Let me set the scene. You may recall that we had travelled back to the UK to spend the summer with our families. They were all really pleased to see us and lavished attention upon us and our little girl. One afternoon, my Dad and Step-mum asked if they could look after her, so that Mrs L. and I could spend a bit of time alone. I think that they had romantic plans in mind for us, and so did we. We picked up where we left off before the arrival of the baby and went on a date. To the nearby shopping mall.

We’d arranged to meet my Dad three hours later and he would then give us a lift back to his house, and we had a lovely time at the shops, but sadly it had to come to an end, and so we waited for Dad in the designated spot. As he pulled into the parking space, I knew something was wrong. My Dad has a famously poor sense of smell (we drove from the South of France to England with one of the worst smelling cheeses known to humanity in the back of the car, and whilst my Mum, brother and I were slowly asphyxiating, he was happily oblivious), but I could see by wrinkle in his nose, that something was smelling pretty fetid in his nearly new car. I opened the back door to greet my daughter, and was met with a view of unimaginable carnage. I haven’t seen quite such generous distribution of vomit, since the aftermath of the Sixth-form Christmas dance of 1993, where I made the dubious acquaintance of Mr Alcohol for the first time! I asked Dad what happened and he told me that all was well and as he drew into the mall car park, she did the opening rendition of “Fraboo and her Amazing Technicolour yawn”!

It was a little bit like the time our dog bit the postman. “Well, she’s never done that before!” Mrs L. and I repeated in embarrassed tones. And she hadn’t, despite the fact that she’d had ample opportunity to do so; being ferried around by me, the world’s most mediocre driver. She didn’t seem at all unwell. In fact, she seemed to be completely unfazed by the devastation which surrounded her. We put it down to the ice cream that Nana and Dan-Dan had bought for her, and she had probably polished off in seconds flat. We apologised profusely (as English folk do for something which isn’t really their fault), and went to get Fraboo cleaned up. Meanwhile my poor Dad, was left to clean up the car amidst much dry heaving.

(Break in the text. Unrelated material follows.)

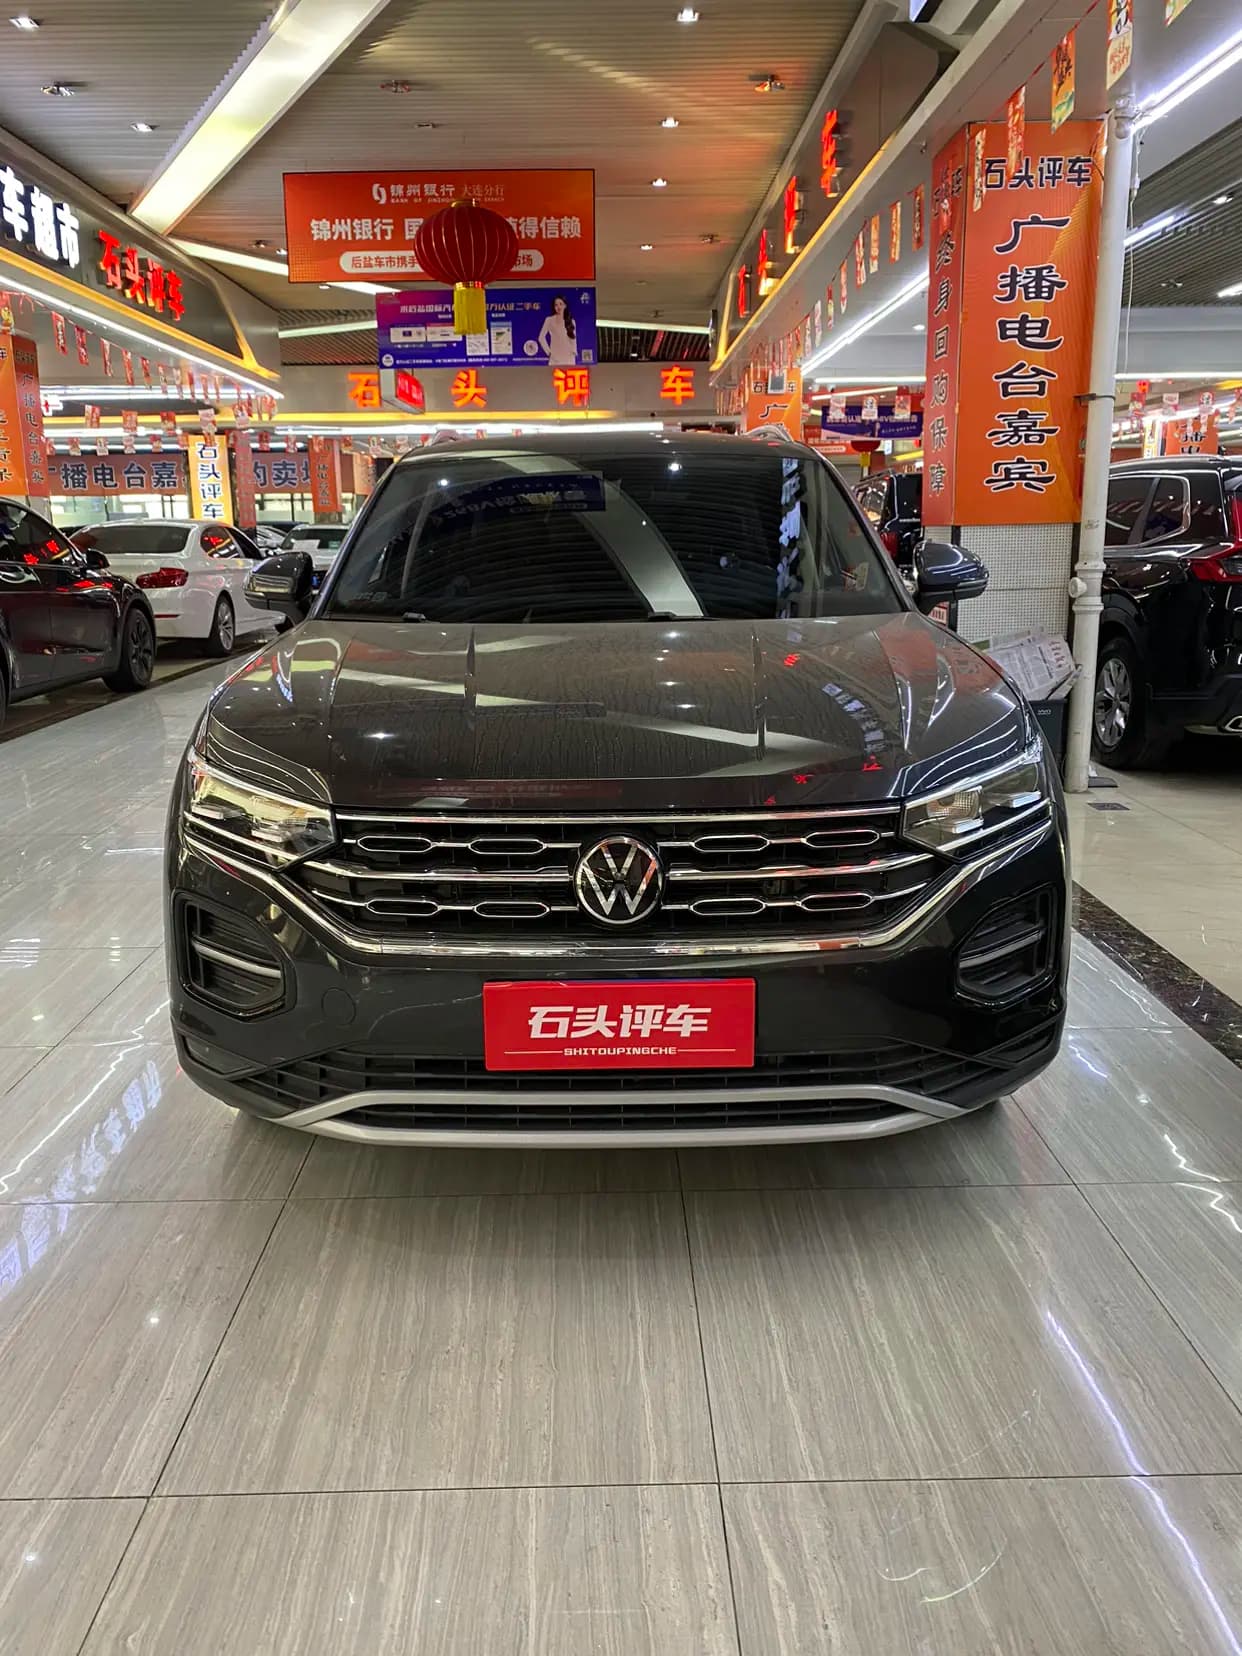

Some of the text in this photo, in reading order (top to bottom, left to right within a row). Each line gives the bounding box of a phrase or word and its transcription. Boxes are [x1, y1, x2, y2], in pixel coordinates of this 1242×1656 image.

We didn’t really think much of it, and just put it down to “one of those things which kids do”, and as a result weren’t at all concerned when we hired a car later on in the week. We had intended to travel around a fair bit whilst we had it, and our first destination was about five hours away. Having squeezed as much luggage into the boot as possible, we set off, gaily waving cheerio to my in-laws with whom we were staying. I think that we had almost made it to the motorway, a mere ten miles away, when our little girl, announced that she wasn’t feeling very well,  and within seconds, had ejected her breakfast all over herself and the back of the passenger seat in front of her.

It was at this point we began to suspect that Fraboo may suffer from car sickness and over the course of the following week, she presented us with irrefutable evidence to support this diagnosis. Curiously, she did not complain of feeling unwell, until moments before she was sick, at which point we were usually powerless to take any sort of evasive action, and when the deed was done, she was back to her usual chatty self.

We now travel with two spare sets of clothes, and a couple of empty ice cream cartons in the back of the car, (and a couple of customised clothes pegs, which fit snugly over our noses, in the glove box).

As a result, if we are ever planning on driving any great distance, we will always travel at night, when hopefully Fraboo is asleep.  This is all well and good, except that Boy-Boy will not sleep when we are in the car.

It seems that help is at hand though. After a particularly unpleasant journey, on the way home from a party, where copious quantities of pink icing and other confectionary had been consumed, and then deposited onto a favourite party dress, my sister suggested that we invest in some of those travel sickness wrist bands. As Mrs L. had temporarily taken her delicate fingers off of the purse strings, I decided to splash out, and have to say that so far we have been really impressed. We have made some quite mammoth journeys without any dramas to speak of, and are quietly confident that this may well be the solution to woes.

Neither Mrs L. or I are brave enough though, to dispose of the ice cream cartons just yet.